Combining genetic diversity data with demographic information more reliably reveals extinction risks of natural populations

Genetic diversity, a key pillar of biodiversity, is crucial for conservation. But can snapshot estimates of genetic diversity reliably indicate population extinction risk? New research shows that genome-wide genetic diversity is a strong predictor of extinction risk, but only when confounding, demographic, factors are accounted for.

As species face increasing environmental pressures, their populations often decline, leading to a loss of genetic diversity. This reduction in genetic variation can have serious consequences, including increased inbreeding and a diminished capacity to adapt to changing conditions. Genome-wide genetic diversity is often used as an indicator of species' vulnerability to extinction. However, recent studies have suggested that genetic diversity does not always predict population viability.

The collaborative research sought to clarify under what circumstances genetic diversity can accurately predict extinction risk. The findings suggest that while genetic diversity is indeed linked to extinction risk, the strength of this relationship varies depending on other factors such as population size and the potential for rescue through dispersal.

The importance of integrating demographic data

The study highlights the dangers of relying solely on genetic data to assess population viability. "Our research demonstrates that inferences about the role of genetic diversity in extinction risk must be informed by demographic and environmental data," explains Professor Marjo Saastamoinen, senior author of the paper.

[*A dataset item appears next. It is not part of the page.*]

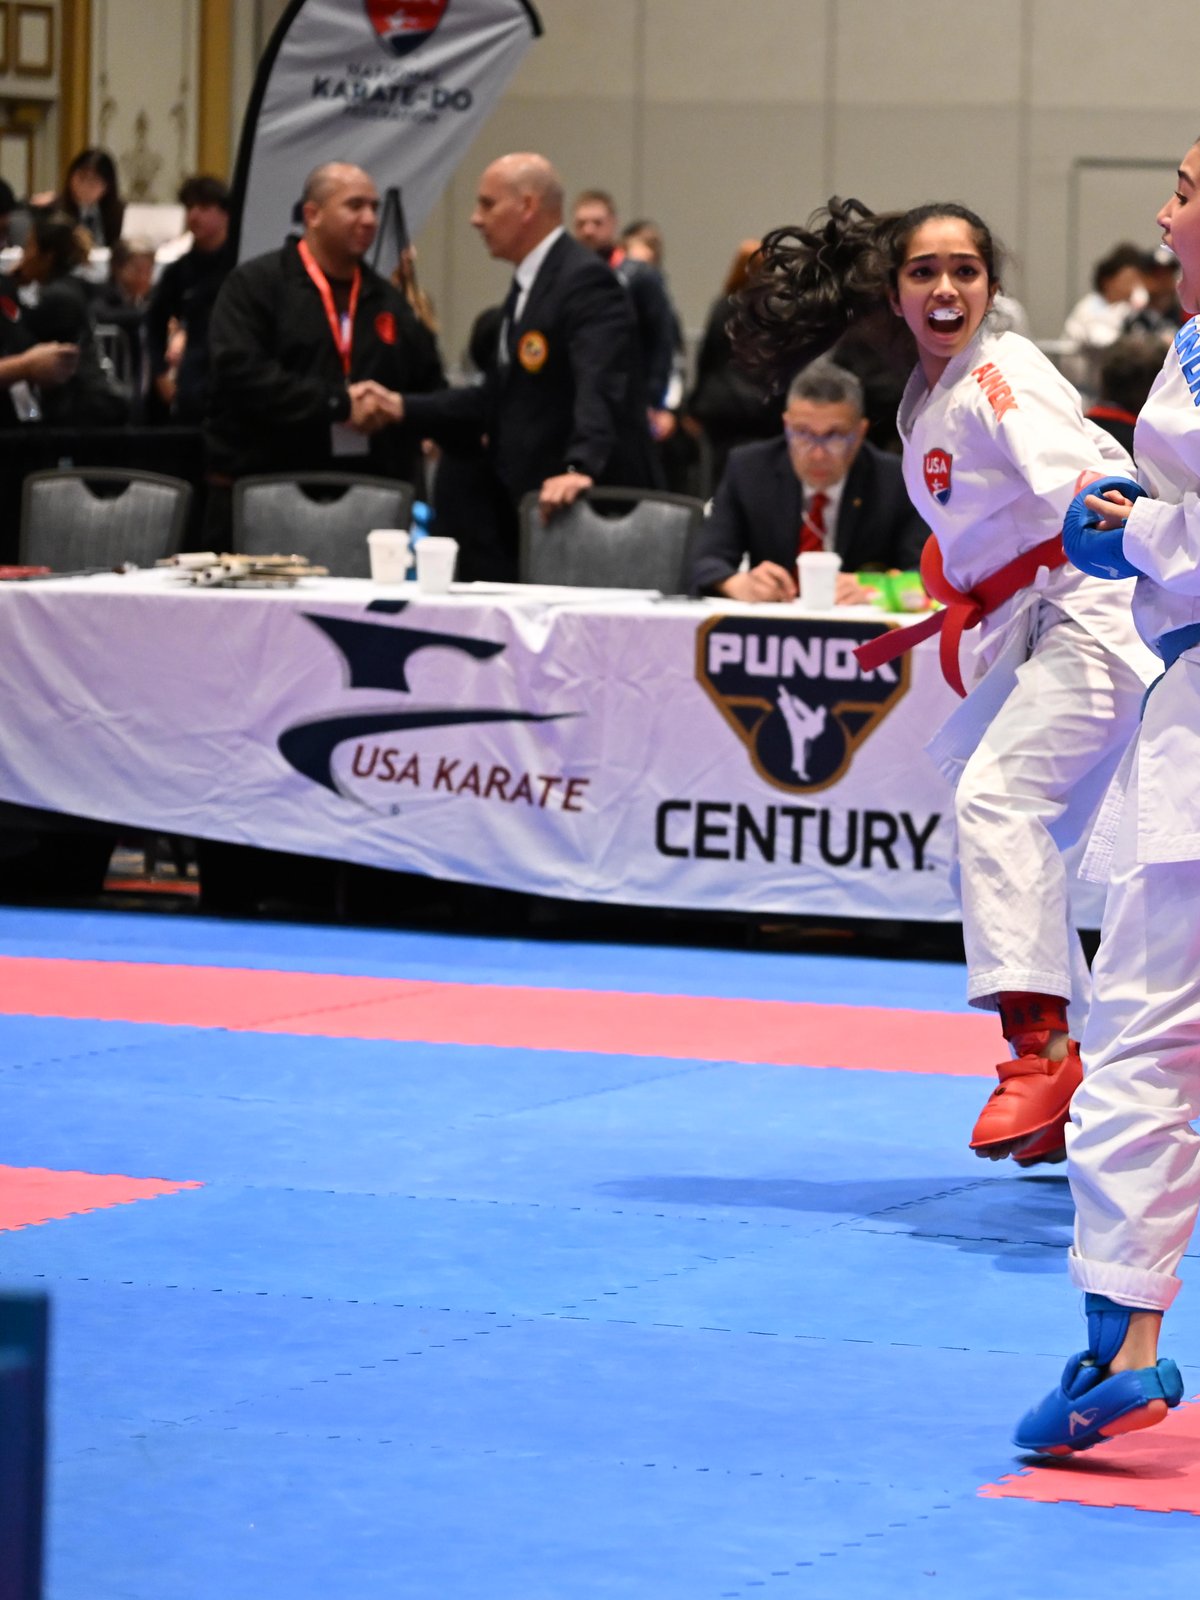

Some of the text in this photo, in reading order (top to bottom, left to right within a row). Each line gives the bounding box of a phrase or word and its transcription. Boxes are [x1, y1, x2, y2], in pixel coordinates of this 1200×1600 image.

[926, 456, 948, 475] USA
[352, 744, 592, 812] USA KARATE

 "For instance, we observed a strong negative relationship between genetic diversity and extinction risk, but this correlation was largely driven by underlying population size. Without accounting for demographic factors, we would have drawn misleading conclusions."

Dr. Michelle DiLeo, the leading author of the study, further cautions against oversimplification: "Had we focused only on genetic diversity, we might have incorrectly assumed its effects on extinction risk were uniform across different populations and environments. Conversely, ignoring the interactions between genetics and demographics would have led us to underestimate the importance of genetic diversity in explaining extinction risk. Our results suggest that both genetic diversity and demographic factors, such as population size, population trends and immigration, must be considered in conservation strategies.”

“Not all populations with low genetic diversity were doomed to extinction, as they were rescued by dispersal from other populations." continues DiLeo. 

Recommendations for conservation

Given that most species are data-deficient, the researchers emphasize the need for strategic data collection to inform conservation efforts. They recommend focusing on three key pieces of information: estimates of genome-wide or neutral genetic diversity, population size trends, and the potential for rescue via dispersal. Population size trends and population connectivity are already used in some global biodiversity frameworks, but more work is needed to integrate these metrics with genetic data for a comprehensive assessment of species vulnerability. The study also underscores the importance of maintaining connectivity among populations to mitigate the risks associated with low genetic diversity in the face of environmental change.

Utilizing long-term monitoring data of the Glanville fritillary butterfly

Assessing the relationship between genetic diversity and extinction risk in natural populations is not trivial as it requires high resolution population level genetic and demographic data. The researchers utilized the well-known ecological model system of the Glanville fritillary butterfly metapopulation in the Åland islands, SW Finland. For this system the survival of thousands of local populations and overwintering larval nests have been systematically monitored across over 30 years, data which has been more recently been accompanied with genetic data. 

In this study genetic data from 7,501 individuals with extinction data from 279 meadows and mortality of 1,742 larval nests in a butterfly metapopulation were analyzed. This allowed researchers to assess the effect of genetic diversity on extinction rates across years and under different conditions such as between small and large populations, in populations with longer history of decline and when extinctions could not be rescued by dispersal from nearby populations.